Changes in state and federal tax codes, the federal government shutdown and the prospect of another congressional fight over the federal budget and debt ceiling later this year mean quantifying data that’s even a few weeks old is fraught with risk. Mike Allen, director of research for Maine Revenue Services, said that because data that indicates what effect the government shutdown had on sales and income tax receipts won’t be known until the third week of November, making predictions at this point is to some degree a guessing game. Compounding the task are sales, meals and lodging tax increases that took effect on October 1, whose early effects also won’t be quantified for several more weeks.
“It’s possible that because of the tax increase that happened October 1, some people shifted some purchases out of October and into September,” said Allen. “The other factor is how did that shutdown affect people’s buying? The story nationally is that it did significantly and that things really dried up in that first part of October.”
Allen said for those reasons, it may not be until the next forecast in March 2014 that the future of Maine’s economy becomes clearer.
“We’re just going to have to wait and see,” said Allen. “Certainly what happened today should dampen [next month’s] revenue forecast a little bit.”
The state’s largest revenue streams come from income and sales and use taxes, which both were above budgeted amounts for the month of September and year to date, according to Allen’s data. However, there were several smaller categories running below projections.
James Clair, who has been involved with state finances for years, is chairman of the Consensus Economic Forecasting Commission. He said early indications are that Maine’s economy is improving, though more slowly than previous projections and the national average.

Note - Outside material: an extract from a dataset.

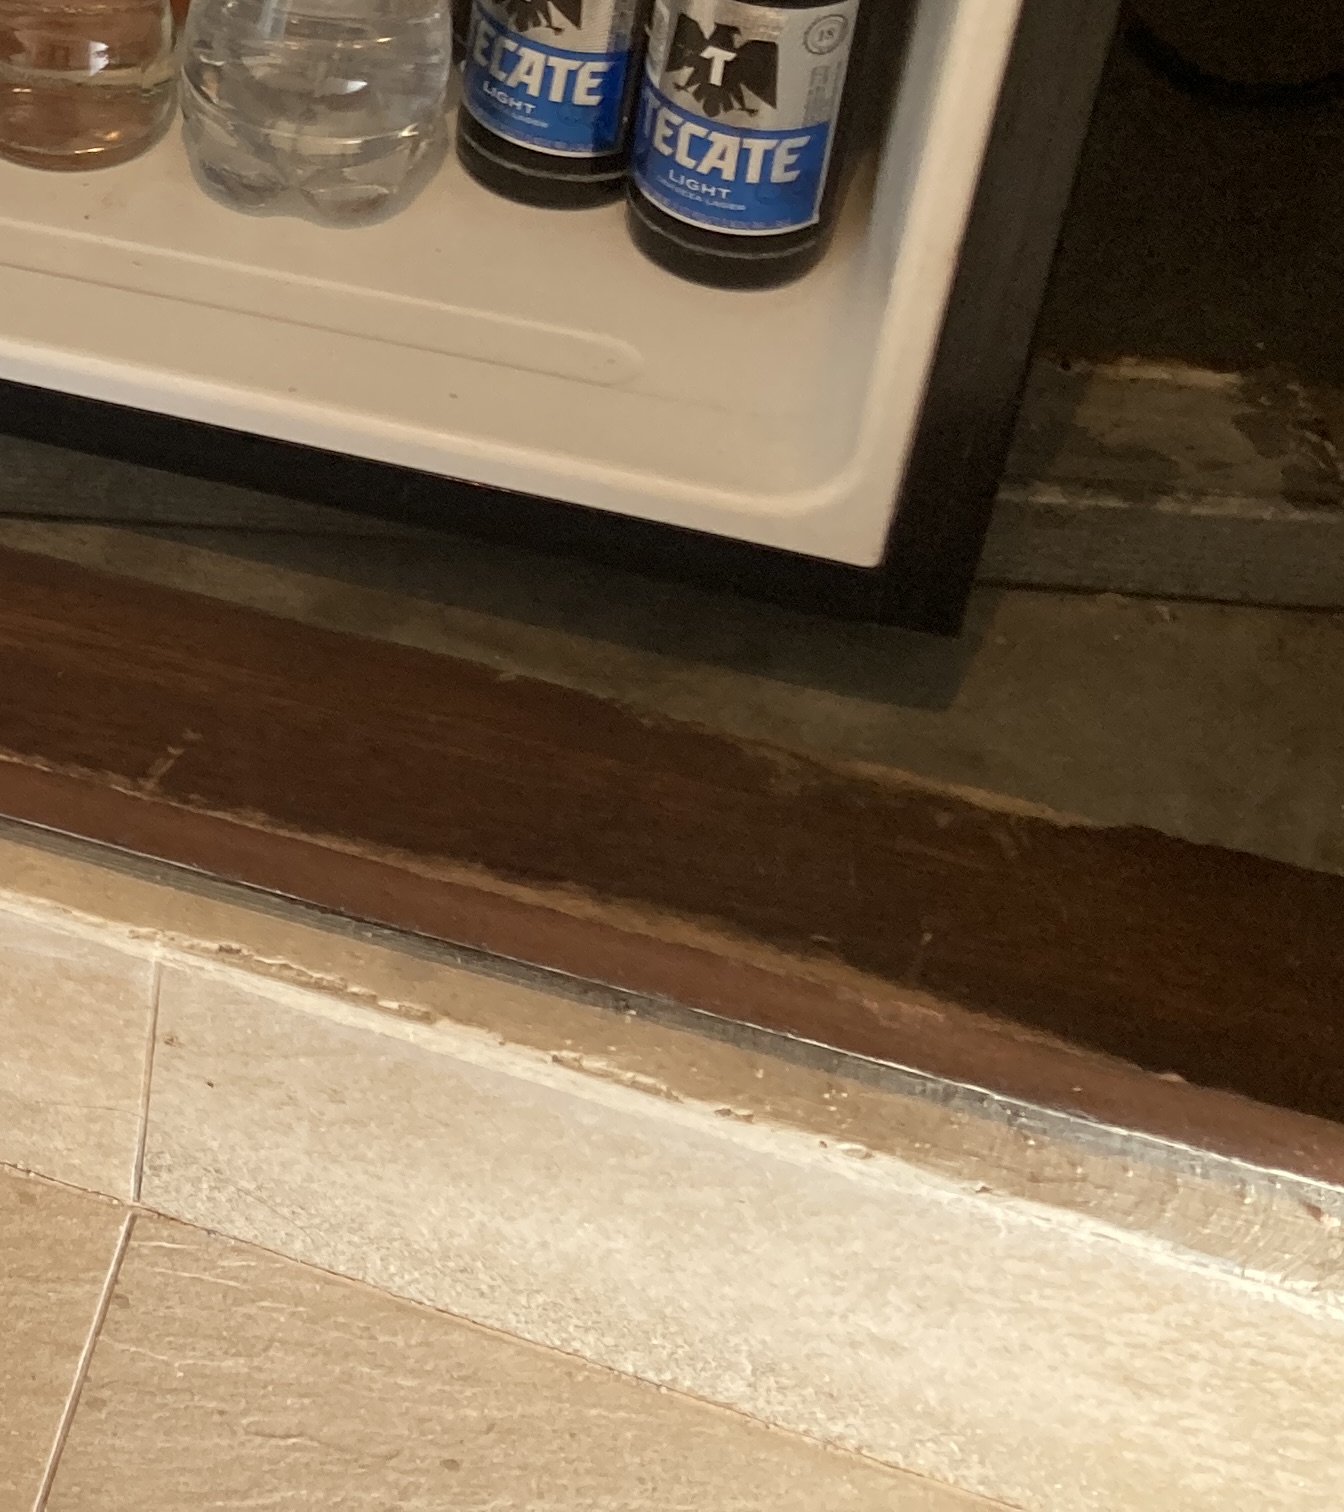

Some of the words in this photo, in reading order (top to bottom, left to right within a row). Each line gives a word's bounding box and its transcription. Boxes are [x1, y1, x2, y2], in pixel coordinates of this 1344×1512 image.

[471, 18, 614, 107] ECATE
[699, 45, 738, 87] T
[482, 79, 537, 115] LIGHT
[668, 168, 732, 210] LIGHT

“We see a continuation of growth, albeit small growth,” said Clair. “The part that we’re trying to wrestle with specifically is what the turning point [in the economy] will be. We’re concerned that Maine is going to continue to lag behind the rest of the nation.”

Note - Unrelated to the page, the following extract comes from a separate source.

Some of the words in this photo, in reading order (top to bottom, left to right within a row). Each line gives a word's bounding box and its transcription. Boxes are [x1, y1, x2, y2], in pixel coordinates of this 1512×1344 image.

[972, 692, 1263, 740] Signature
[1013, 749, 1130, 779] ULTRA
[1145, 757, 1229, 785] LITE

Clair and Allen both said they expect that state revenue projections will have to be pulled back to some degree. Clair said business owners like himself are watching national events closely and that the temporary extensions of the budget and debt ceiling until January and February, respectively, mean that the effects on the economy could end up worse than they already are.
“We want certainty,” he said. “Things like what happened a couple of weeks ago, and what could happen three months from now, could really create uncertainty.”
That goes for individual Mainers too, said Allen.
“We’ve got to think about the holiday season and the lingering effects of the last [budget and debt ceiling] negotiations in Washington as well as the future impact of future negotiations,” said Allen. “Those should be happening right in the middle of the holiday season, right as people are out shopping. That’s not a good thing.”
Events outside Maine haven’t always had such an effect inside the state, said Allen.
“Years and years ago you could look at Maine as almost its own little island, certainly affected by what’s happening nationally but very contained,” he said. “That type of thinking is just gone. You don’t only have to worry about what’s happening nationally, you’ve got to think internationally.”